JP ne sait pas. Flo l’a traîné en arrière et lui a rincé les yeux. Quand il a pu les ouvrir, il a vu une silhouette dominer les autres, les bras en l’air, mais aussi la mouette… attaquer le drone ?
Florence n’a rien vu, mais elle a senti l’atmosphère changer.
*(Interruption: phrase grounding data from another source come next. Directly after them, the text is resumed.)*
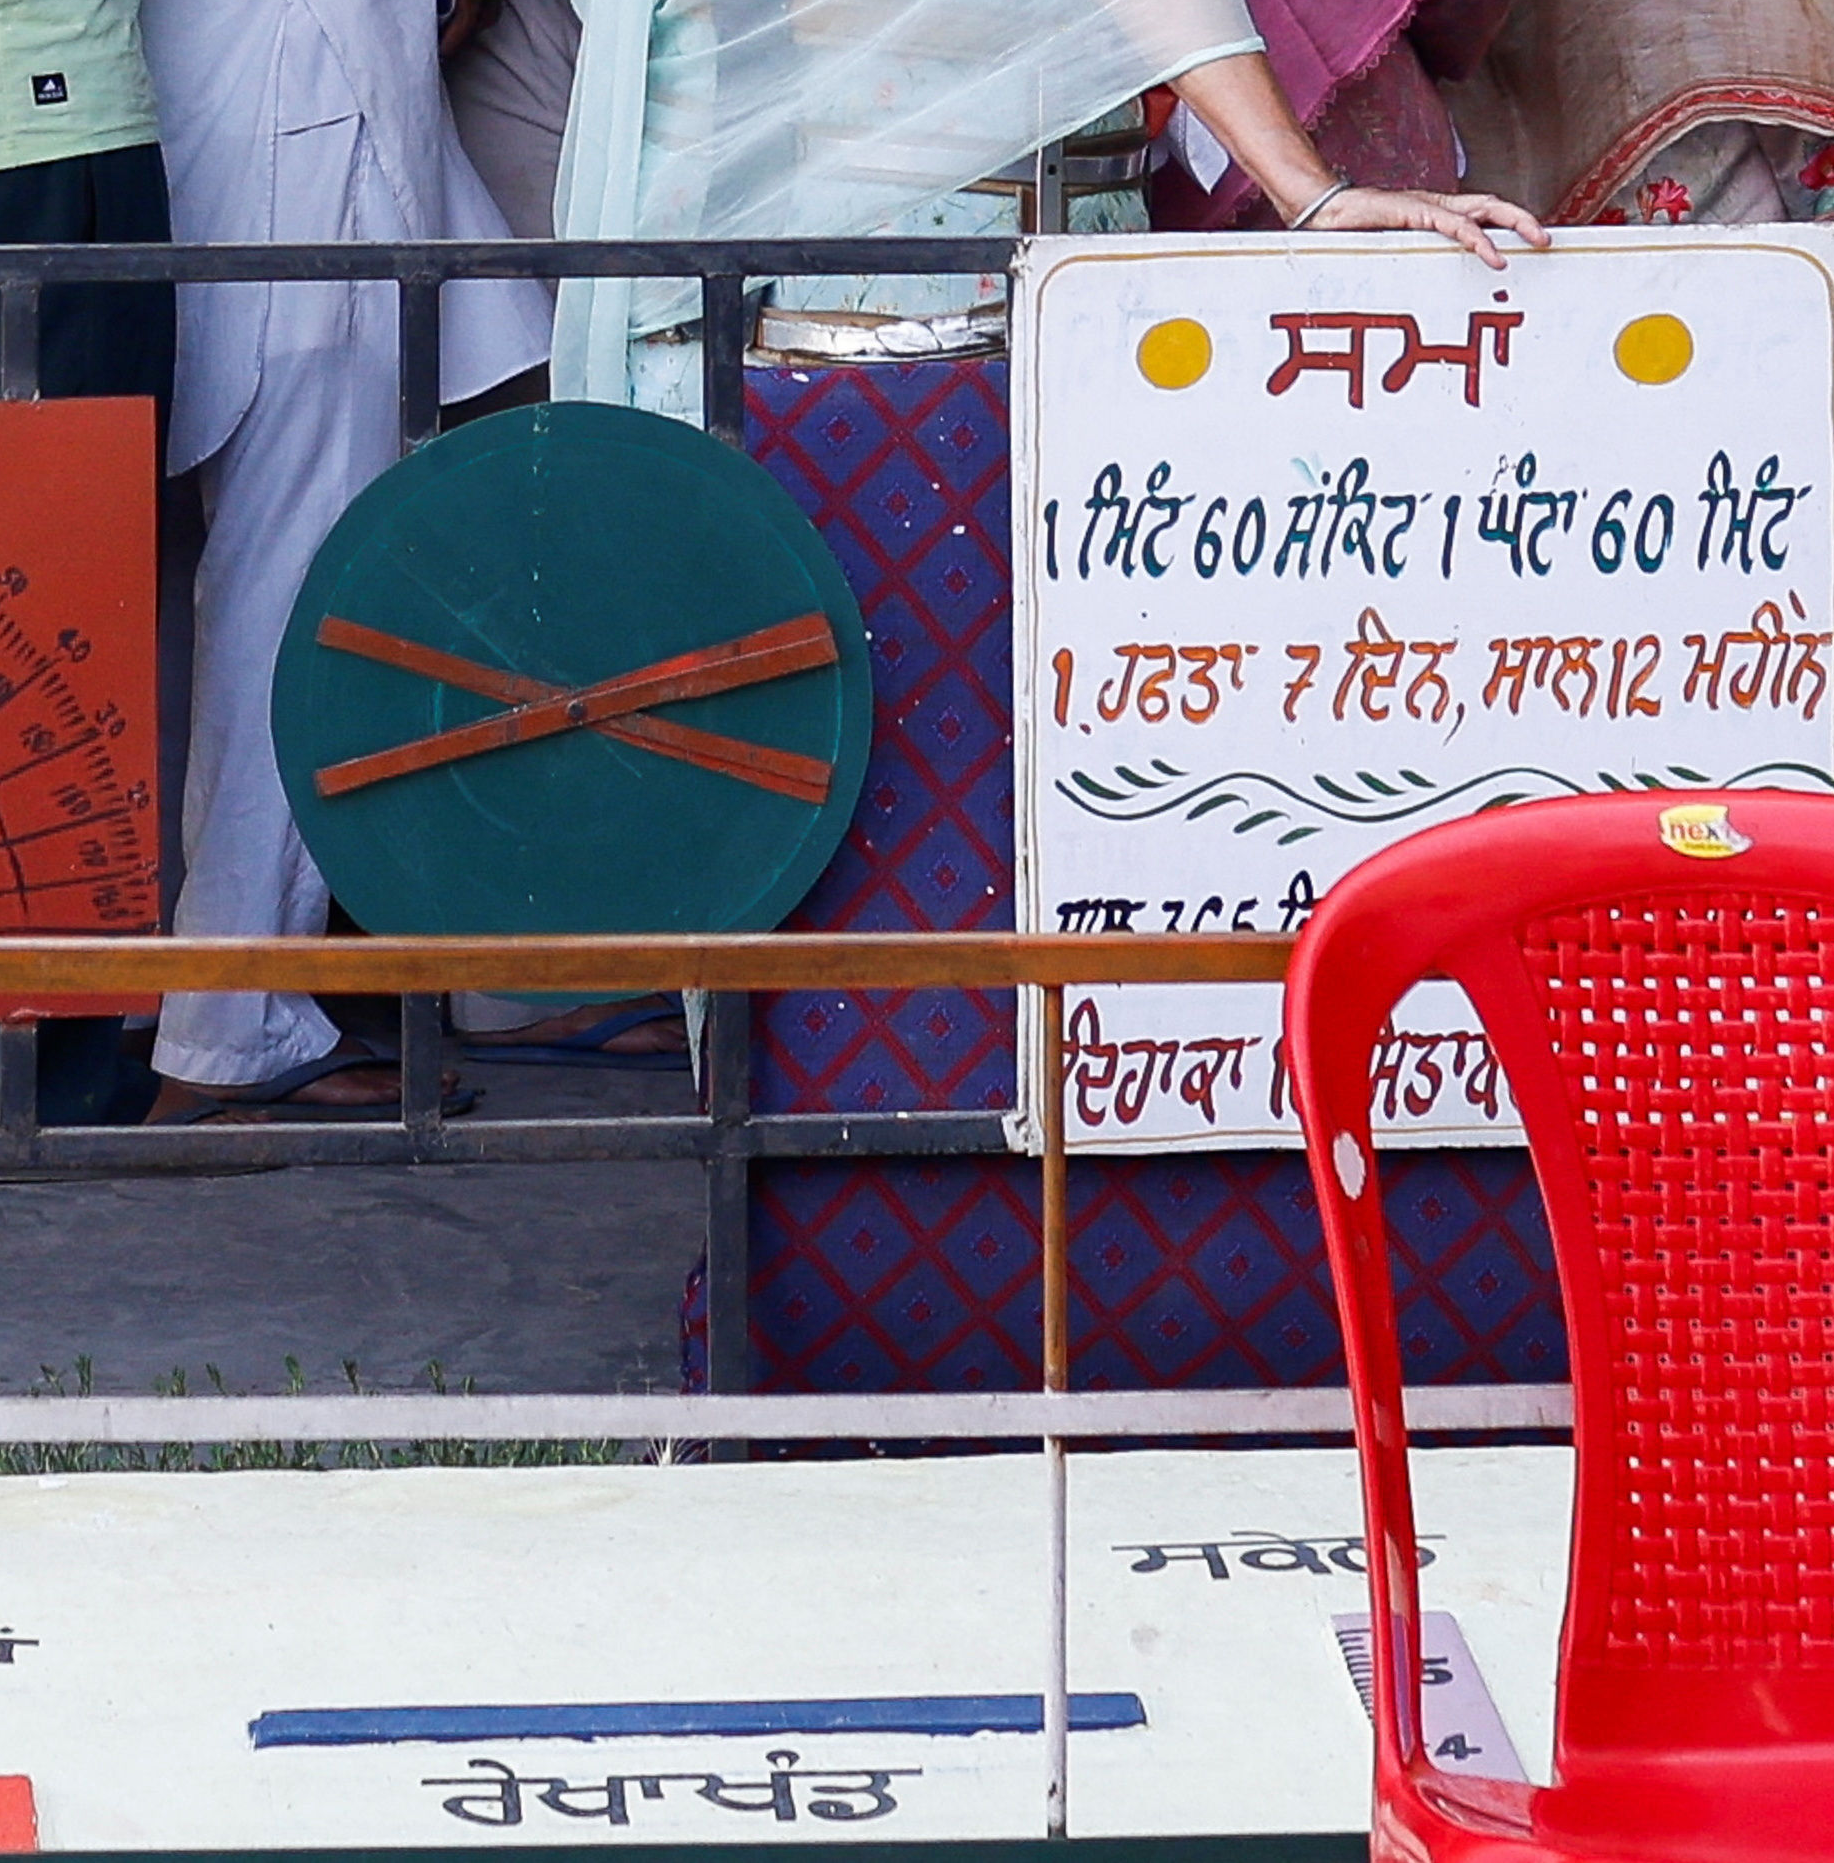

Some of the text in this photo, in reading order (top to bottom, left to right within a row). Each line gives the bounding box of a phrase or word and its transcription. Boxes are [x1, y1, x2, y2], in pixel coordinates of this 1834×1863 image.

[1266, 288, 1526, 410] ਸਮਾਂ
[1078, 459, 1196, 581] ਮਿੰਟ
[1193, 494, 1268, 579] 60
[1591, 487, 1677, 576] 60
[1696, 449, 1815, 576] ਮਿੰਟ
[1282, 643, 1323, 722] 7
[1479, 636, 1607, 722] ਸਾਲ
[1604, 632, 1664, 721] 12
[421, 1746, 924, 1828] ਰੇਖਾਖੰਡ
La peur disparaître, la colère… muter ? Ce n’était plus la rage du désespoir mais une hostilité joyeuse, enlevée.
Le capitaine dit qu’il a effectué un repli stratégique.
Le cortège de tête dit qu’ils ont fait peur aux flics.
D’autres disent que Clara dansait dans les airs, qu’elle a désarmé les CRS d’une main et que les oiseaux eux-mêmes sont venus l’aider.
La vérité un importe peu.
Ce jour-là, face à Clara, Florence, JP, Quentin et tous les autres, le pouvoir a reculé. Ce n’est qu’un début. Mais c’est une possibilité.
Alors ils seront là. Pour se battre et danser.